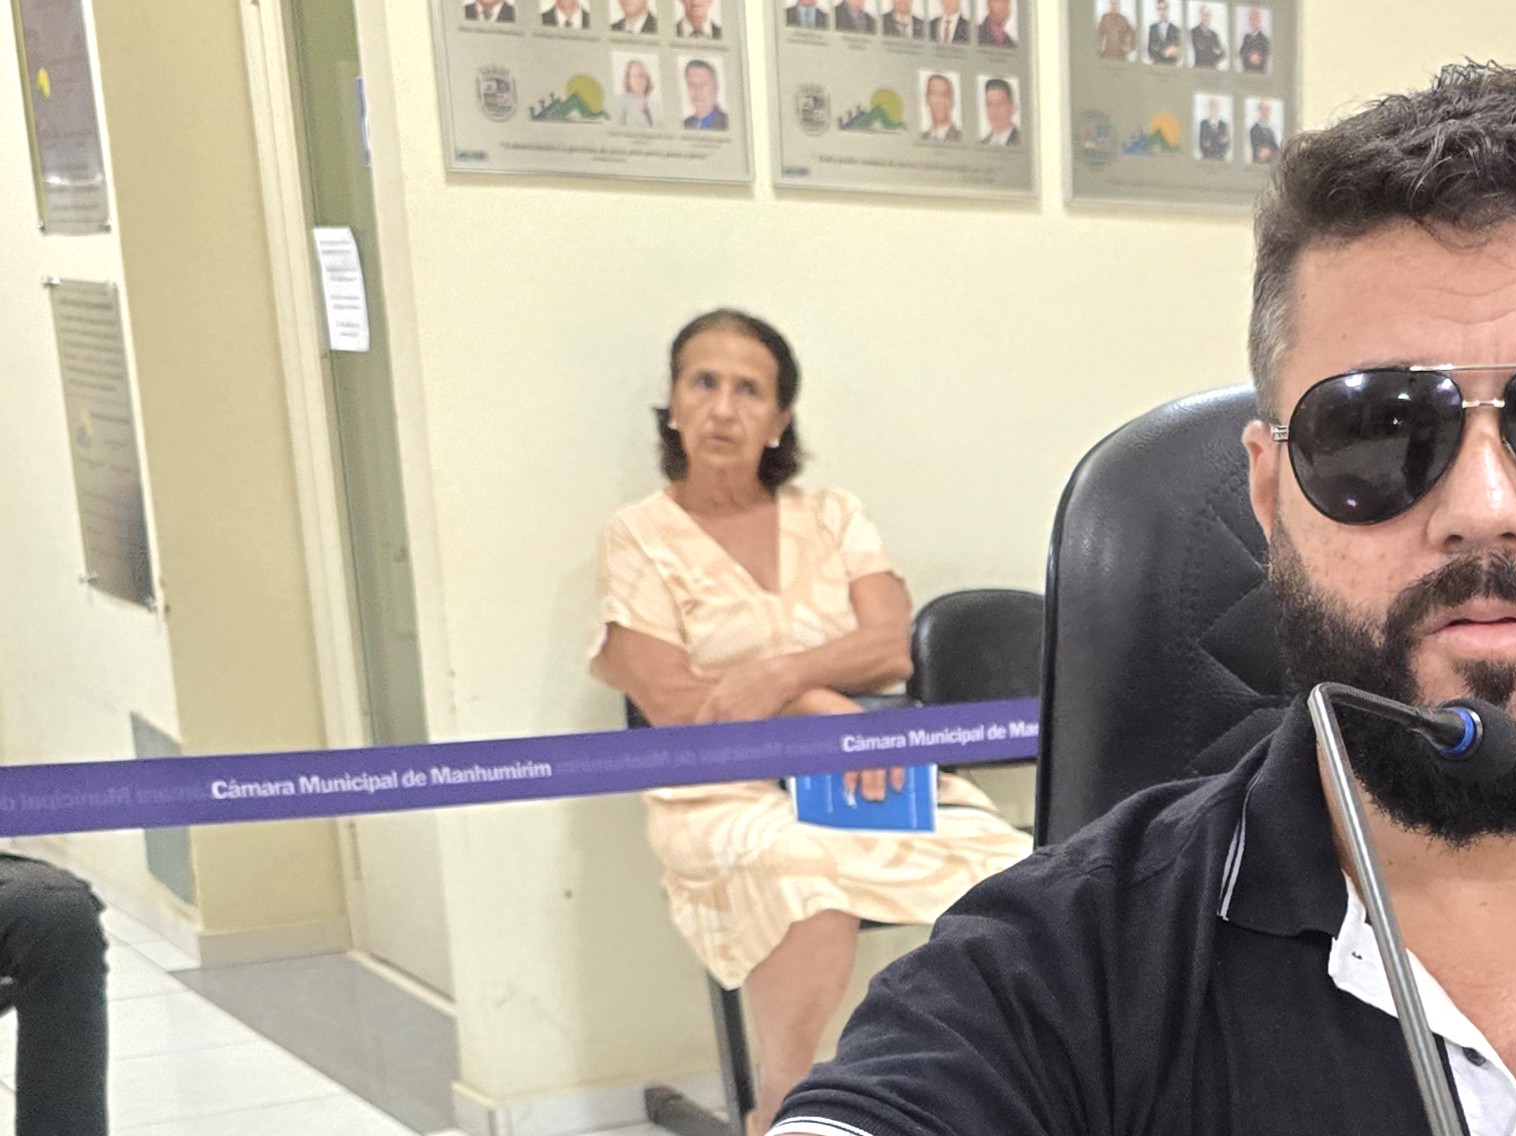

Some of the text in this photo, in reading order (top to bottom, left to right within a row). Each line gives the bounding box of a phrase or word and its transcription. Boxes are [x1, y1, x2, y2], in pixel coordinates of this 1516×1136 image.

[842, 732, 906, 752] Câmara
[908, 723, 984, 747] Municipal
[986, 723, 1007, 741] de
[211, 778, 295, 800] Câmara
[300, 770, 398, 794] Municipal
[402, 770, 427, 788] de
[430, 760, 553, 784] Manhumirim
-------------------------
Exercise instructions —
Please write out the whole listing exactly, but not the pictures in it.

Exercise solution —
Some of the text in this photo, in reading order (top to bottom, left to right within a row). Each line gives the bounding box of a phrase or word and its transcription. Boxes are [x1, y1, x2, y2], in pixel coordinates of this 1516×1136 image.

[842, 732, 906, 752] Câmara
[908, 723, 984, 747] Municipal
[986, 723, 1007, 741] de
[211, 778, 295, 800] Câmara
[300, 770, 398, 794] Municipal
[402, 770, 427, 788] de
[430, 760, 553, 784] Manhumirim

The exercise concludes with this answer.